He could even smell the darkness outside the door, and in it, the ordure of a hundred 
thousand birds.
    He put his hand to his mouth and nose, to stop the onslaught from overcoming him, but 
the stench of perspiration on his fingers made him giddy. He might have been driven to 
nausea had there not been fresh sensations flooding his system from each nerve ending and 
taste bud.
    It seemed he could suddenly feel the collision of the dust motes with his skin. Every 
drawn breath chafed his lips; every blink, his eyes. Bile burned in the back of his 
throat, and a morsel of yesterday's beef that had lodged between his teeth sent spasms 
through his system as it exuded a droplet of gravy upon his tongue.

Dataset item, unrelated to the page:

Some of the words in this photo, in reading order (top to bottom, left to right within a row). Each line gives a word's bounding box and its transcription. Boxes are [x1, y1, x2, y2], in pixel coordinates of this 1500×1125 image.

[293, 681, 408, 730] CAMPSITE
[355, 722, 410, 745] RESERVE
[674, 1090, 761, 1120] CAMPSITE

    His ears were no less sensitive. His head was filled with a thousand dins, some of 
which he himself was father to. The air that broke against his eardrums was a hurricane; 
the flatulence in his bowels was thunder. But there were other sounds-innumerable 
sounds-which assailed him from somewhere beyond himself. Voices raised in anger, 
whispered professions of love, roars and rattlings, snatches of song, tears.

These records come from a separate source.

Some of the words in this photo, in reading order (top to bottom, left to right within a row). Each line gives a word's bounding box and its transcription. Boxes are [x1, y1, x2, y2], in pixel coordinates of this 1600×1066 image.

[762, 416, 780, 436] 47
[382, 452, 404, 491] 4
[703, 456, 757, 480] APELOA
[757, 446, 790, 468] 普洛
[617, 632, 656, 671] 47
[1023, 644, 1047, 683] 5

    Was it the world he was hearing-morning breaking in a thousand homes? He had no 
chance to listen closely; the cacophony drove any power of analysis from his head.
    But there was worse. The eyes! Oh god in heaven, he had never guessed that they could 
be such torment; he, who'd thought there was nothing on earth left to startle him. Now he 
reeled! Everywhere, sight!
    The plain plaster of the ceiling was an awesome geography of brush strokes. The weave 
of his plain shirt an unbearable elaboration of threads. In the corner he saw a mite move 
on a dead dove's head, and wink its eyes at him, seeing that he saw. Too much! Too much!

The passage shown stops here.